Sin embargo, su hija intervino en concepto de mediadora entre padre y marido.
Sin duda, persiguiendo que la rivalidad terminara para siempre, suministró un veneno a su padre, quien murió dos días después.
Elcano se pasó la mano por los labios pensativamente.
—Eso explica quizá la ansiedad de Almanzor de hacerse amigo nuestro.
Está buscando la protección de la Corona española por si los portugueses deciden vengar la muerte de Serrao.
—Y, por lo que veo —comentó Espinosa—, también los de Ternate quieren ser amigos nuestros.
En ese momento, una llamada en la puerta interrumpió la conversación.
Juan de Acurio apareció en la entrada.
—Los visitantes se van —anunció—. Se les ve inquietos, como si temieran una traición. El hombre de la túnica roja acaba de dar órdenes de alejarse.
Elcano y Espinosa se miraron.
—Poco podemos hacer hasta que vuelva el emisario que fue a ver a Almanzor. No es cuestión de empezar otra guerra —masculló Elcano.
El emisario volvió con la respuesta del rajá cuando todavía los dos bateles estaban a la vista. La respuesta del rajá fue que lo que hicieran los españoles estaría bien hecho.
—Hay que alcanzarlos —dijo Elcano—. Que los nativos preparen una canoa rápida mientras escribo una carta para Lorosa. Quiero invitarle a que nos visite sin temor alguno. Mientras tanto —continuó, dirigiéndose a Espinosa—, podrías preparar algún regalo para que lleven a este Chechilideroix...
Dos días más tarde llegó una piragua con Pedro Alfonso de Lorosa. El portugués era un hombre de unos cuarenta años, de aspecto recio y barba entrecana. Su mirada, clara y profunda, dejaba entrever un carácter fuerte y tenaz.
Los dos capitanes le recibieron amablemente y después de una visita a los barcos le invitaron a comer.
—¿Cuánto tiempo lleváis en las Indias? —preguntó Elcano.
—Dieciséis años —contestó el portugués—. De éstos, diez en las Molucas.
—Por lo que nos dijo vuestro criado —comentó Espinosa—, se sabía que una armada española se dirigía a las Indias.
—En efecto —asintió Lorosa antes de beber un trago de vino de palmera—.

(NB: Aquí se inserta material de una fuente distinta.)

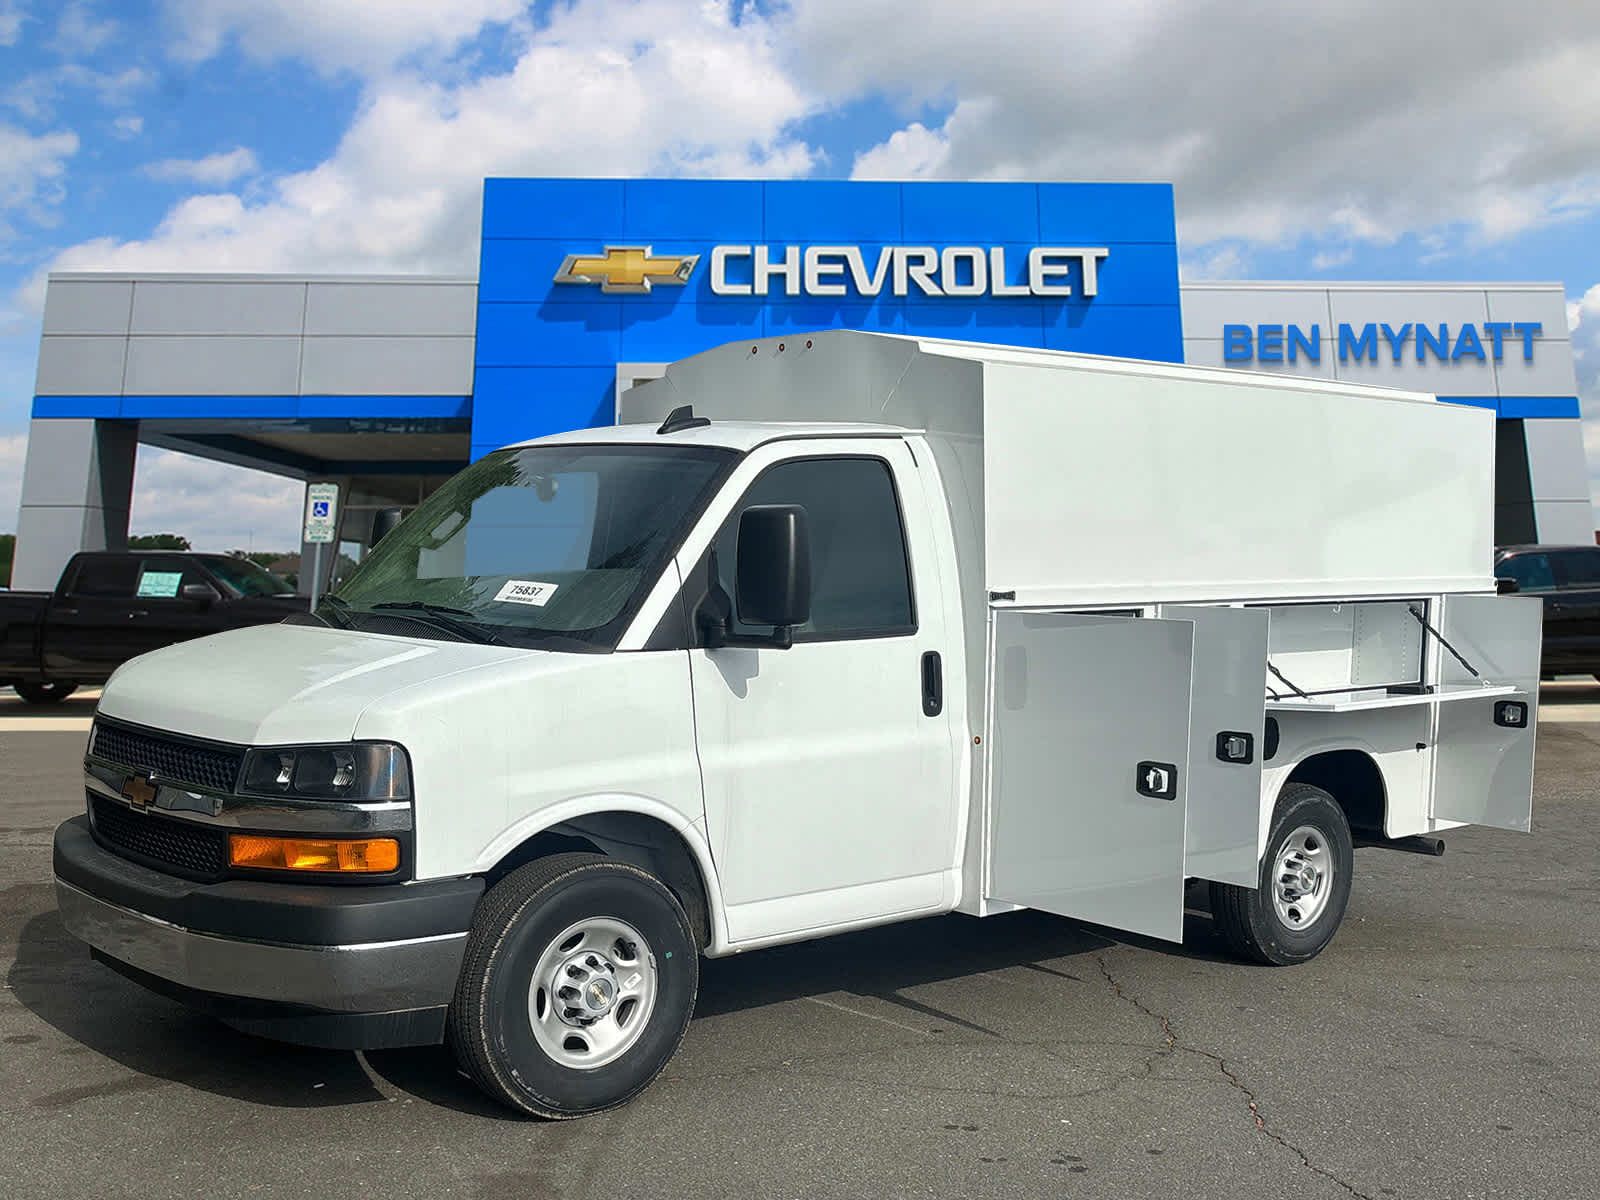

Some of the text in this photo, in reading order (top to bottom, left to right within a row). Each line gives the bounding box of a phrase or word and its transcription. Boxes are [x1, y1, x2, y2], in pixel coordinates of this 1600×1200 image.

[710, 245, 1109, 297] CHEVROLET
[1224, 322, 1543, 362] BEN MYNATT
[510, 585, 543, 597] 75837

Hace un año, un gran navío portugués vino de Malaca a cargar clavo. Me hice muy amigo del capitán y supe por él que una escuadra de cinco naves españolas había zarpado de Sevilla al mando de un portugués, Fernando de Magallanes.
Esto parece ser que había causado un disgusto terrible al rey de Portugal, que mandó flotas para interceptar la armada de Magallanes al Cabo de las Tormentas, en el sur de África, y al de Santa María, en la parte portuguesa del Nuevo Mundo.

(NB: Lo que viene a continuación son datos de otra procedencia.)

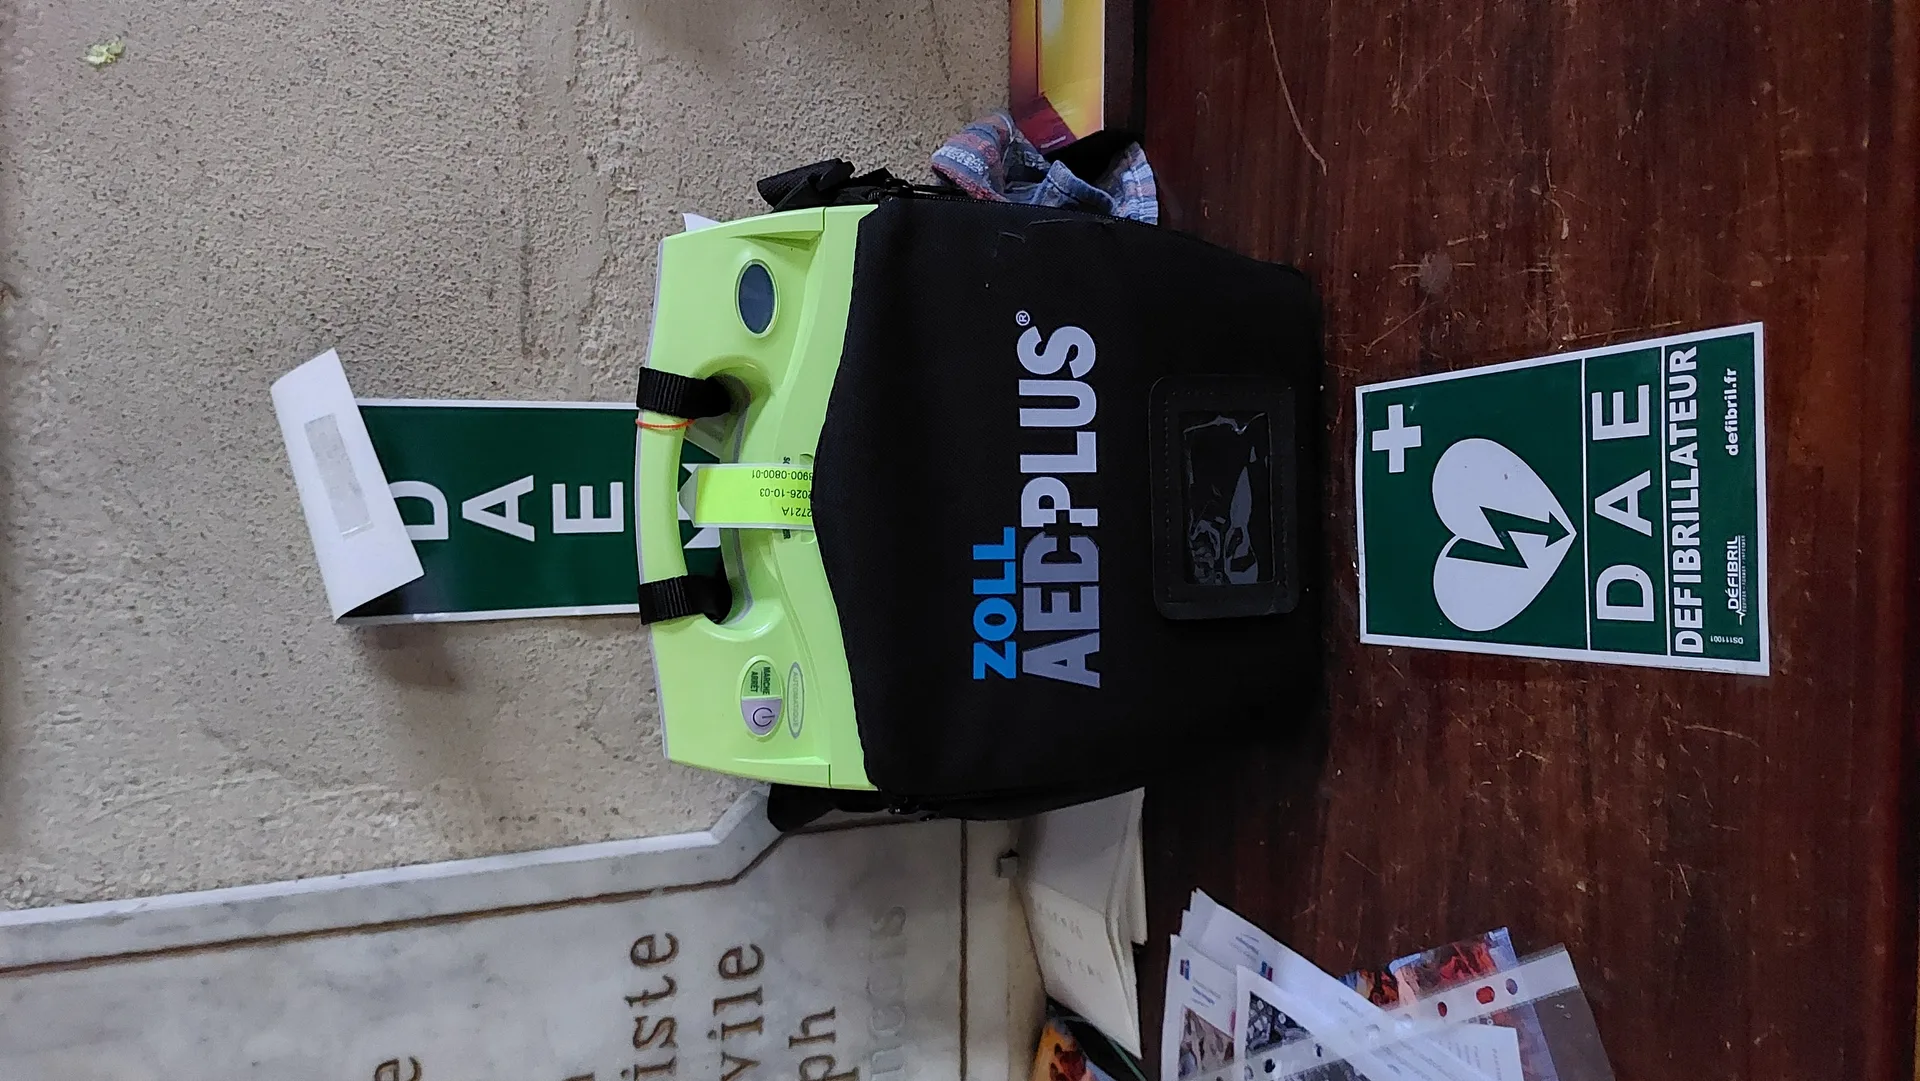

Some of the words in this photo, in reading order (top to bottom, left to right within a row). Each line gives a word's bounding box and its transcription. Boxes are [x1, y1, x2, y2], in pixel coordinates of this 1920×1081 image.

Y, por lo que veo, no han podido interceptaros... a no ser que las tres naves que os faltan...
—No. No hemos visto armada portuguesa alguna. La pérdida de los tres navíos se debe a causas naturales.
—Habéis tenido mucha suerte —continuó Lorosa—, pues parece que Diego López de Sichera, capitán en jefe de las Indias, recibió la orden de enviar seis potentes navíos de guerra a las Molucas con la misión de destruiros, pero, coincidiendo con ello, López de Sichera tuvo conocimiento de que los turcos preparaban una expedición contra Malaca, lo cual le obligó a mandar todos los buques de guerra que tenía, unos sesenta, a enfrentarse con los turcos.
—Contra Solimán el Magnífico —murmuró Elcano admirado—. Seguro que les convencieron los venecianos para que aniquilaran el comercio por mar que había supuesto el fin del suyo por tierra.
—Puede que sí, pero no les salió bien. Sichera encontró las galeras otomanas encalladas a orillas del mar cerca de Adén. Los portugueses incendiaron todos los barcos y acabaron así con tan grave peligro. Al regreso, dispuso que un galeón fuertemente armado con dos filas de cañones viniese a vuestro encuentro.
Sin embargo, su capitán, Francisco Faria, se vio obligado a regresar, se ignora por qué razón.
—Vaya —suspiró Espinosa meneando la cabeza—, parece que estamos teniendo suerte, después de todo...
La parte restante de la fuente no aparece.